Classification of resistance

Discussion of antimicrobial resistance, by necessity, must include defining what is meant by resistance. While it would seem that defining resistance would be a simple matter, many definitions exist (Davison and others 2000). Resistance to most traditional, regulatory-approved, or naturally occurring food antimicrobial agents is difficult to characterize because of the lack of a precise definition for such resistance. From a functional perspective, resistance correlates with failure of a given antimicrobial treatment, whereas from a laboratory perspective, resistance is denoted through a "Minimal Inhibitory Concentration" (MIC)2 value that exceeds a threshold value, which may or may not be associated with a clinical outcome. Chapman (1998) stated that a microorganism is resistant if it exhibits "significantly reduced susceptibility" when compared with that of the "original isolate" or a group of sensitive strains. In this report, resistance means "temporary or permanent ability of a microorganism and its progeny to remain viable and/or multiply under conditions that would destroy or inhibit other members of the strain" (Cloete 2003). These terms and the different types of resistance are described below.

As Courvalin (2005) describes, resistance can result from mutations in housekeeping structural or regulatory genes, or alternatively, horizontal acquisition of foreign genetic information. In some cases, resistance may manifest through multiple mechanisms. For example, three different strategies are thought to be involved in resistance to tetracycline (Schnappinger and Hillen 1996).

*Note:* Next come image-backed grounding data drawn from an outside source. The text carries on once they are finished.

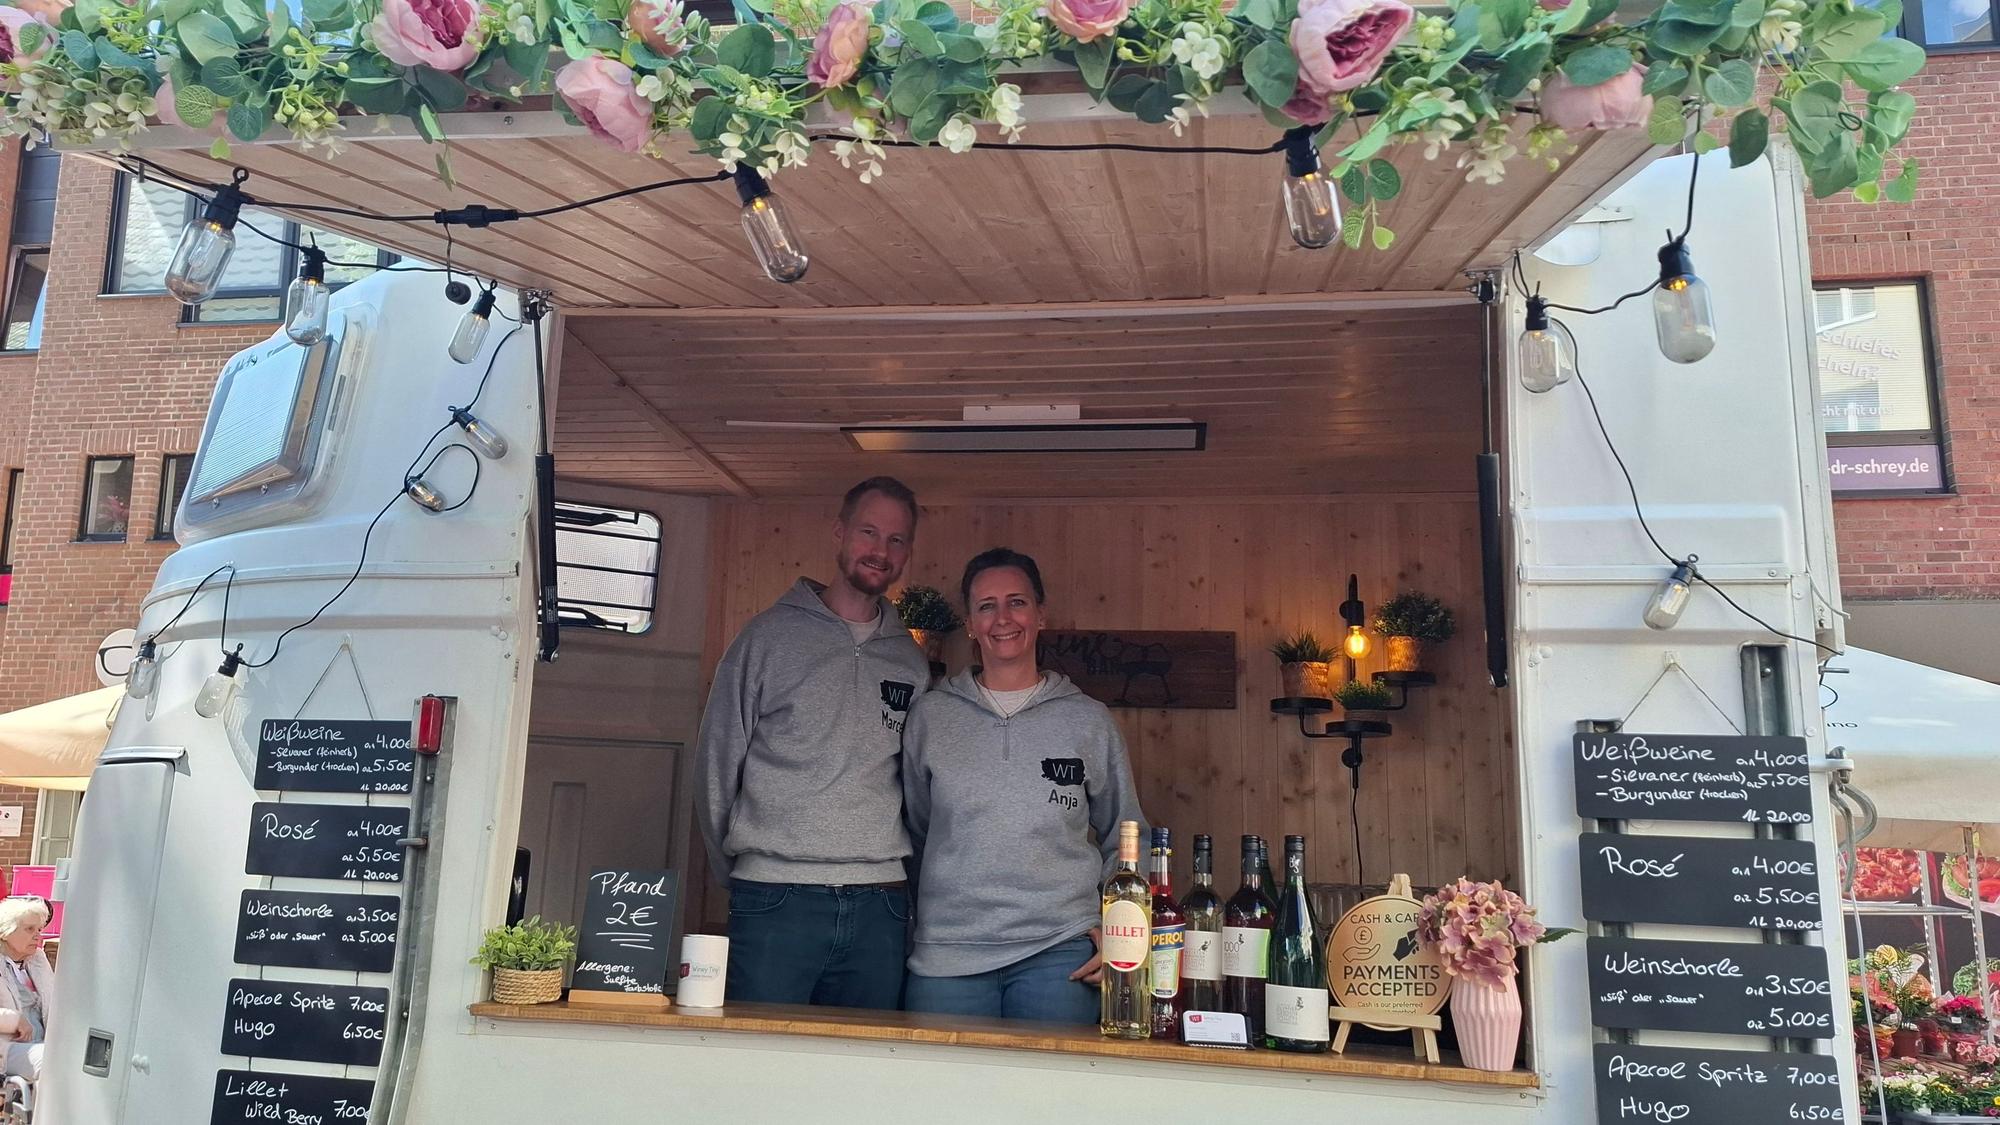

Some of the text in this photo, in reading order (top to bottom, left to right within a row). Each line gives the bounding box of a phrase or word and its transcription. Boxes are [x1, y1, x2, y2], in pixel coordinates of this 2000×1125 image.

[1822, 405, 1840, 416] cht
[888, 686, 906, 705] WT
[881, 709, 903, 734] Marce
[263, 721, 345, 746] Weißweine
[376, 734, 411, 750] 4,00€
[1580, 736, 1716, 765] Weißweine
[1755, 749, 1808, 768] 4,00€
[373, 759, 413, 772] 5,50€
[1052, 763, 1076, 780] WT
[375, 783, 408, 792] 20,00€
[1610, 768, 1690, 784] Silvaner
[1758, 772, 1810, 788] 5,50€
[1048, 789, 1078, 810] Anja
[1609, 786, 1695, 806] Burgunder
[261, 812, 320, 840] Rosé
[360, 820, 403, 836] 4,00€
[1766, 809, 1812, 823] 20,00
[356, 847, 400, 863] 5,50€
[1599, 846, 1685, 877] Rosé
[1753, 855, 1816, 875] 4,00€
[363, 869, 399, 881] 20,00€
[590, 872, 667, 896] Pfand
[1755, 887, 1820, 905] 5,50€
[246, 900, 334, 918] Weinschorle
[357, 907, 398, 922] 3,50€
[605, 901, 658, 926] 2€
[1350, 913, 1419, 924] CASH & CAR
[1105, 925, 1145, 938] LILLET
[1775, 917, 1823, 930] 20,00€
[270, 931, 288, 940] oder
[358, 930, 396, 943] 5,00€
[1152, 931, 1183, 946] PEROL
[576, 960, 635, 975] Allergene:
[1343, 965, 1440, 980] PAYMENTS
[1604, 951, 1743, 977] Weinschorle
[1344, 982, 1438, 997] ACCEPTED
[1765, 974, 1831, 996] 3,50€
[232, 988, 385, 1013] Aperol Spritz 7,00€
[1392, 1001, 1423, 1009] preferred
[1632, 993, 1652, 1003] oder
[1768, 1007, 1830, 1028] 5,00€
[234, 1018, 384, 1040] Hugo 6,50€
[1608, 1055, 1840, 1087] Aperol Spritz 7,00€
[225, 1075, 289, 1098] Lillet
[245, 1101, 282, 1121] Wild
[284, 1108, 323, 1125] Berry
[1620, 1096, 1843, 1123] Hugo 6,50€
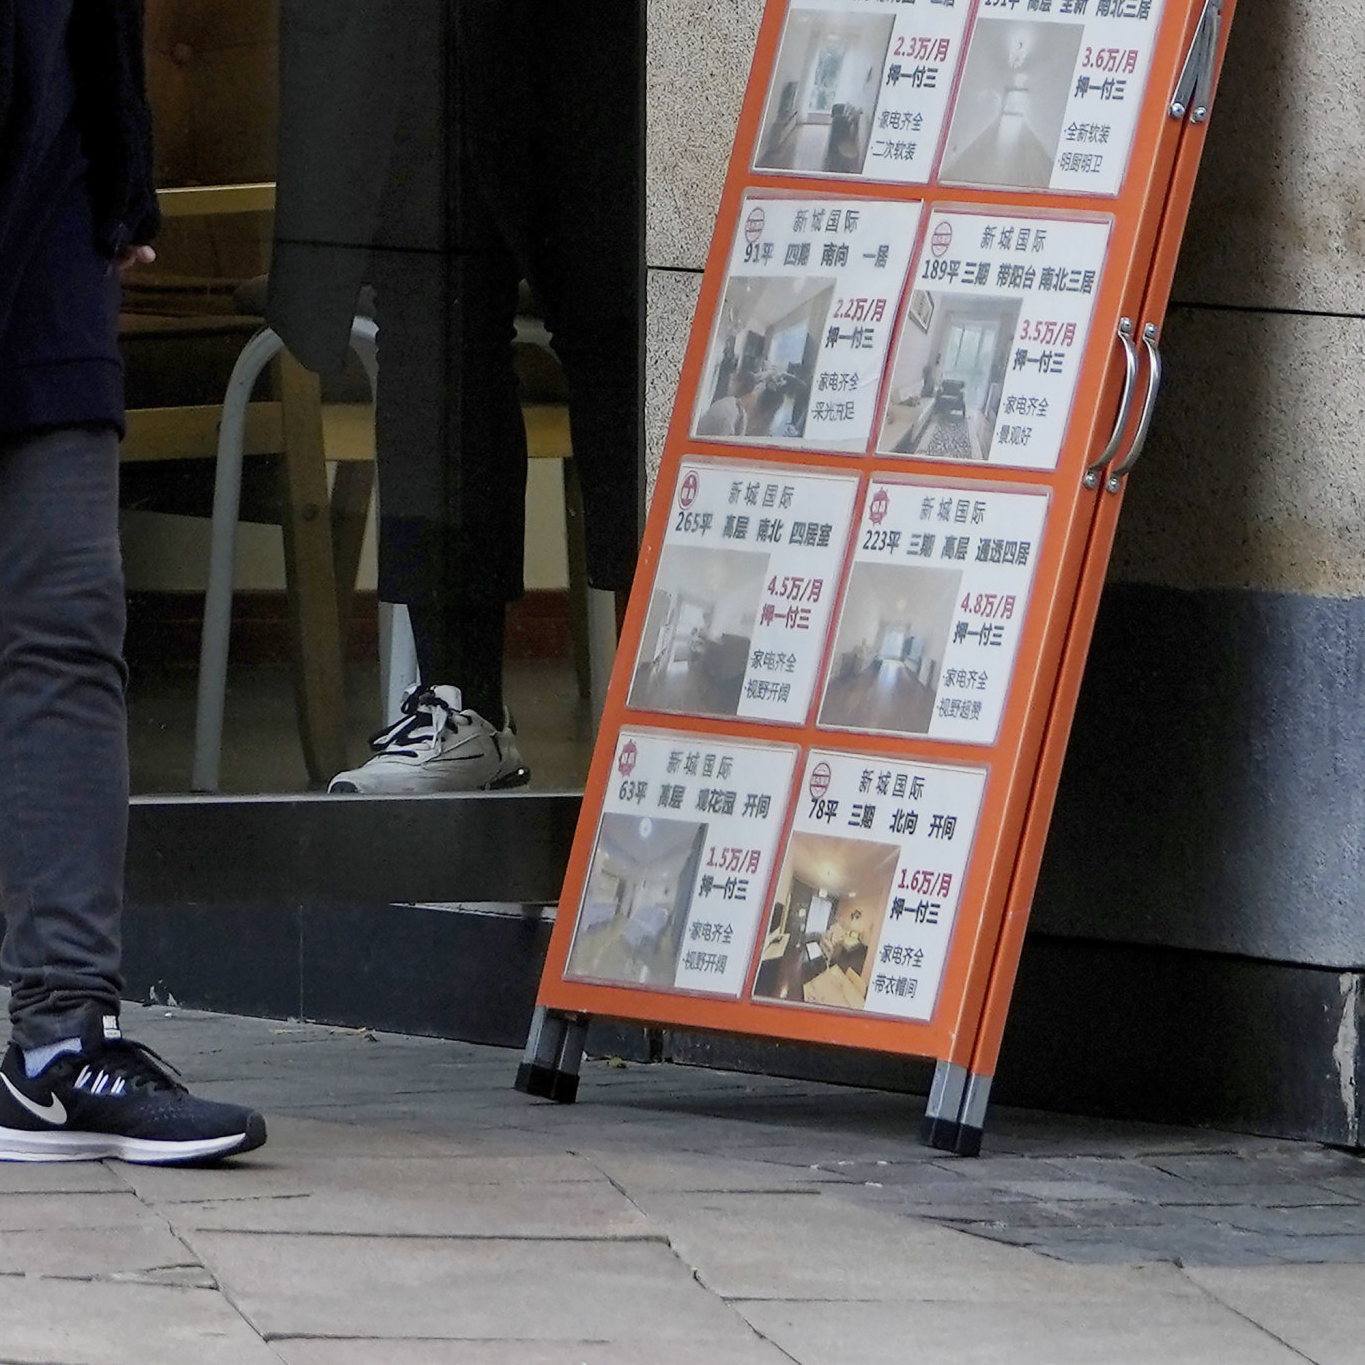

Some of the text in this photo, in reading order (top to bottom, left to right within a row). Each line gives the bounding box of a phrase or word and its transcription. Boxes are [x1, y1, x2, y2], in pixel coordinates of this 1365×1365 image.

[893, 35, 950, 63] 2.3万/月
[1082, 46, 1138, 74] 3.6万/月
[886, 64, 938, 88] 押一付三
[1075, 75, 1126, 100] 押一付三
[877, 111, 923, 132] 家电齐全
[792, 208, 860, 234] 新城国际
[980, 225, 1047, 254] 新城国际
[744, 242, 774, 267] 91平
[821, 242, 850, 267] 南向
[863, 245, 890, 270] 一居
[922, 260, 1096, 295] 189平 三期 带阳台 南北三居
[833, 297, 887, 322] 2.2万/月
[825, 325, 874, 349] 押一付三
[1020, 319, 1077, 346] 3.5万/月
[1013, 348, 1065, 374] 押一付三
[1004, 395, 1049, 417] 家电齐全
[728, 481, 795, 509] 新城国际
[919, 496, 987, 525] 新城国际
[675, 512, 713, 537] 265平
[723, 515, 750, 540] 高层
[789, 521, 832, 547] 四居室
[862, 530, 902, 555] 223平
[941, 535, 970, 561] 高层
[974, 537, 1031, 567] 通透四居
[767, 575, 824, 603] 4.5万/月
[760, 603, 811, 629] 押一付三
[960, 592, 1016, 620] 4.8万/月
[953, 620, 1005, 647] 押一付三
[750, 650, 797, 673] 家电齐全
[944, 668, 989, 691] 家电齐全
[666, 751, 734, 780] 新城国际
[858, 768, 926, 800] 新城国际
[619, 780, 649, 805] 63平
[658, 783, 686, 810] 高层
[742, 793, 772, 819] 开间
[808, 797, 958, 841] 78平 三期 北向 开间
[706, 846, 761, 874] 1.5万/月
[698, 874, 749, 901] 押一付三
[897, 868, 952, 898] 1.6万/月
[889, 895, 941, 925] 押一付三
[881, 944, 924, 968] 家电齐全
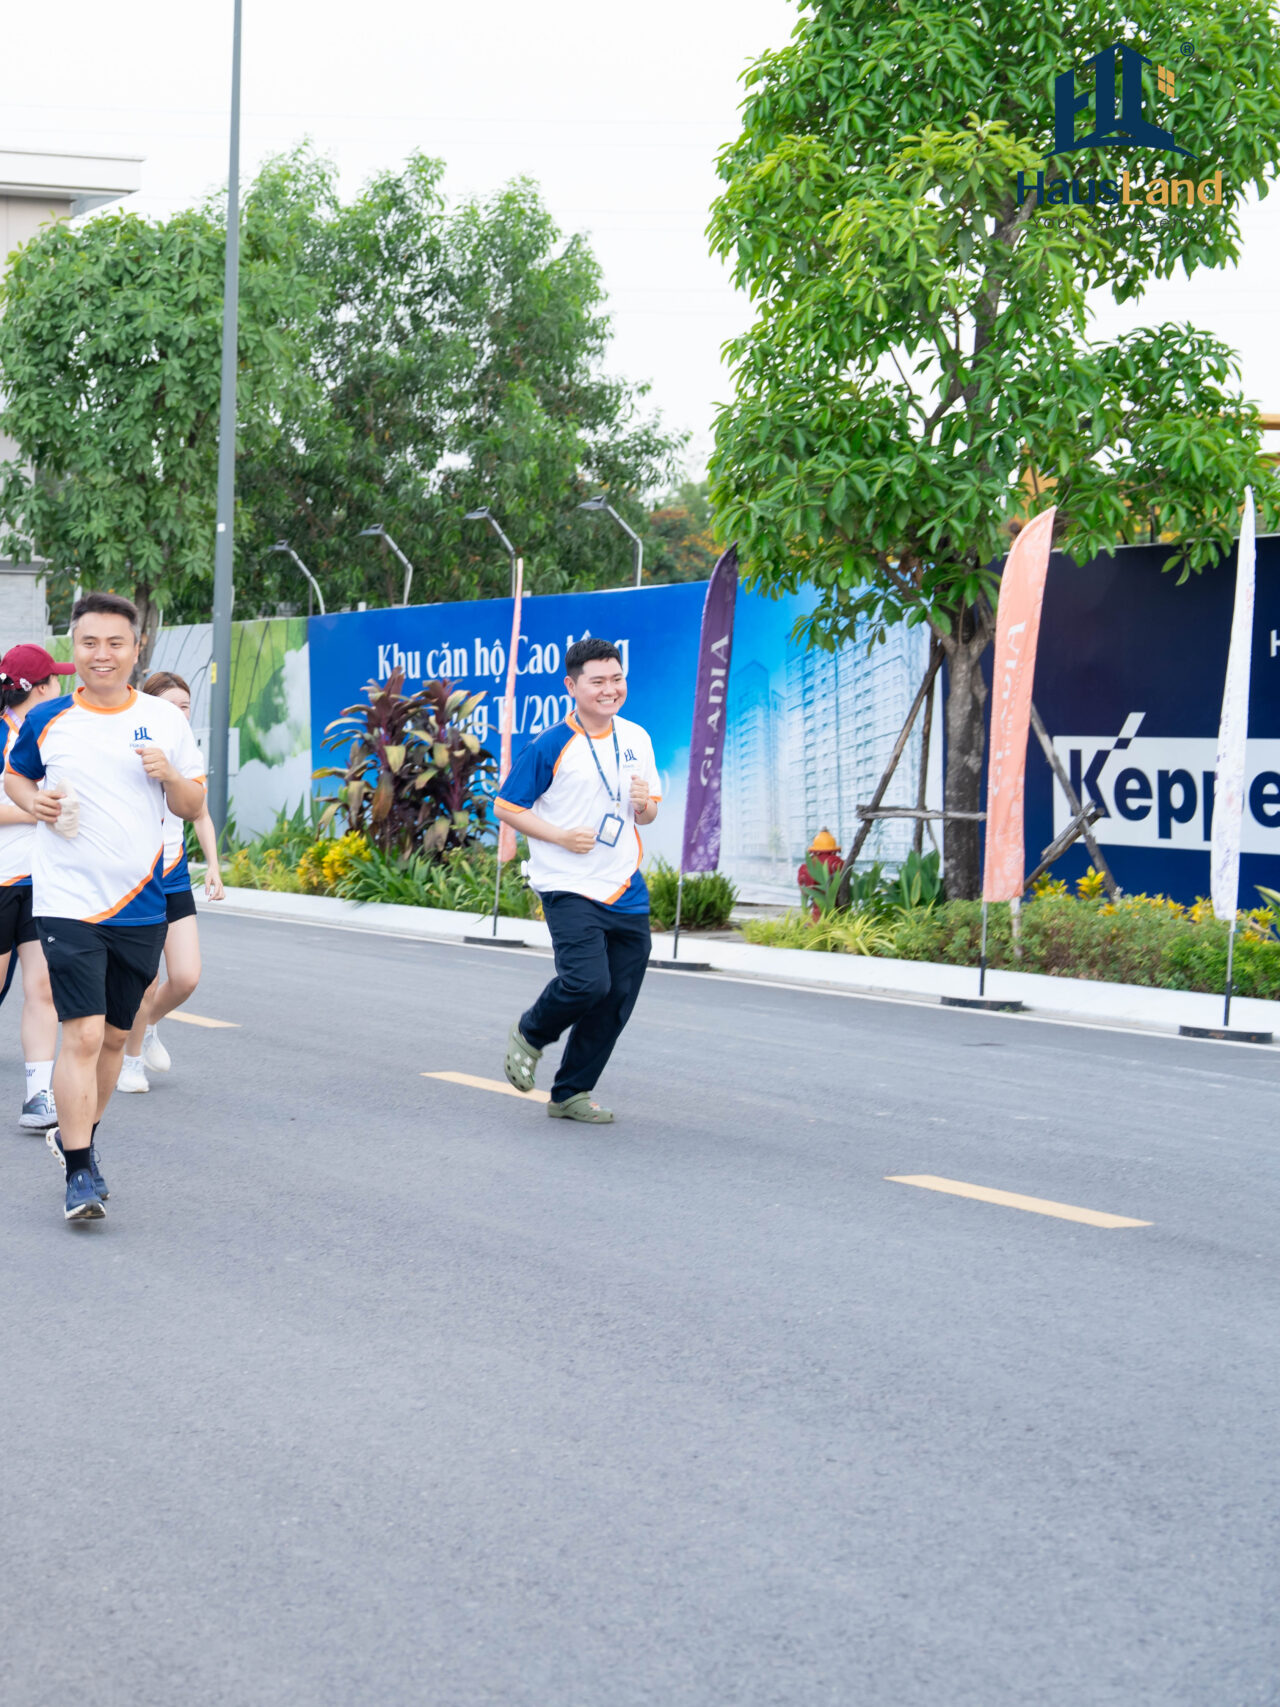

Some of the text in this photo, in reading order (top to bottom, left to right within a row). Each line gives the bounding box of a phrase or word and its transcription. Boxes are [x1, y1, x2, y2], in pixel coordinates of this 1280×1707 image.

[378, 642, 421, 681] Khu
[426, 641, 468, 679] căn
[474, 637, 506, 684] hộ
[515, 635, 560, 676] Cao
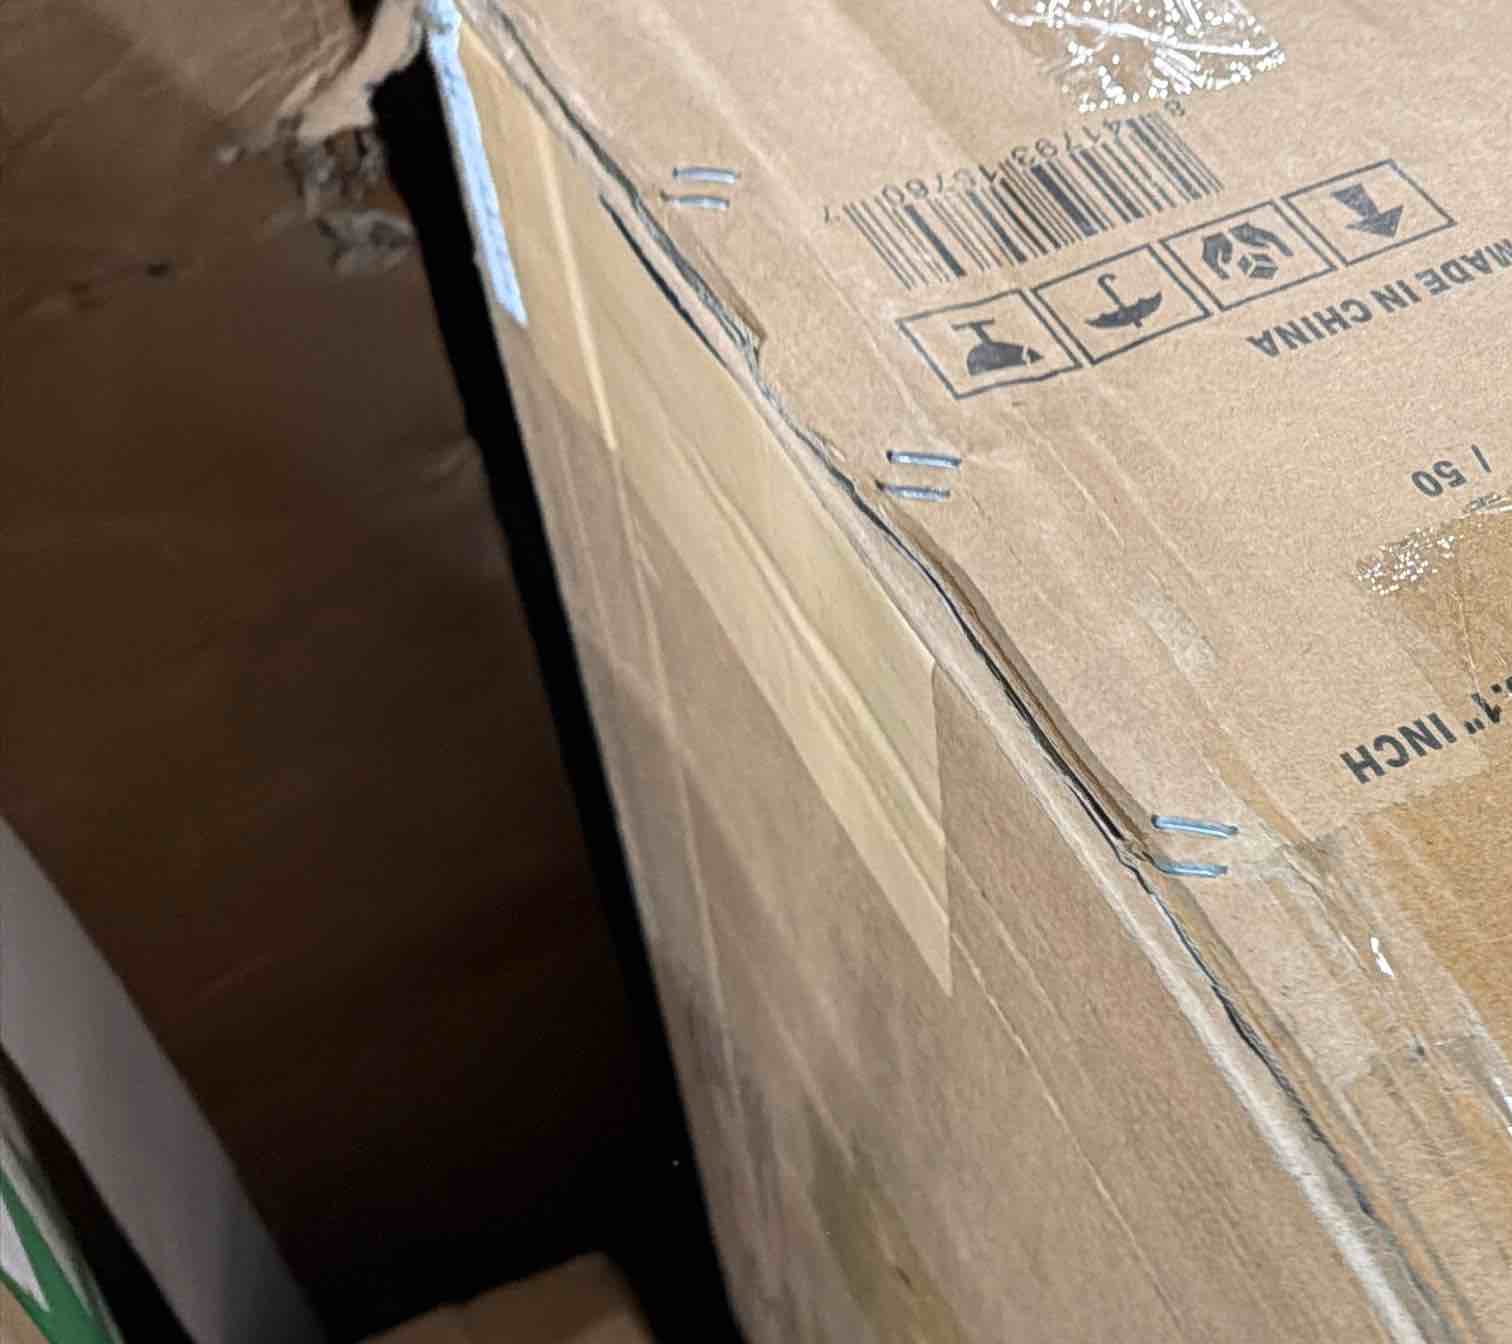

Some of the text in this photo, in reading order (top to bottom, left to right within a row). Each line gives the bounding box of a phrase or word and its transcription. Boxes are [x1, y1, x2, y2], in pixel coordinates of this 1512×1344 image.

Resistance can also be intrinsic, that is microorganisms without known exposure to antimicrobial agents may be resistant to some agents (see below).

If a resistant strain is isolated from an environment containing an antimicrobial or prepared in the laboratory by exposure to increasing concentrations of an antimicrobial, resistance may be due to a genetic alteration or a temporary adaptation. It may be that temporary adaptation to an antimicrobial through some type of homeostatic mechanism plays a much larger role than true genetic mutation among food-related antimicrobials. To date, research on resistance to food antimicrobials has focused almost exclusively on innate or intrinsic mechanisms of the target microorganisms.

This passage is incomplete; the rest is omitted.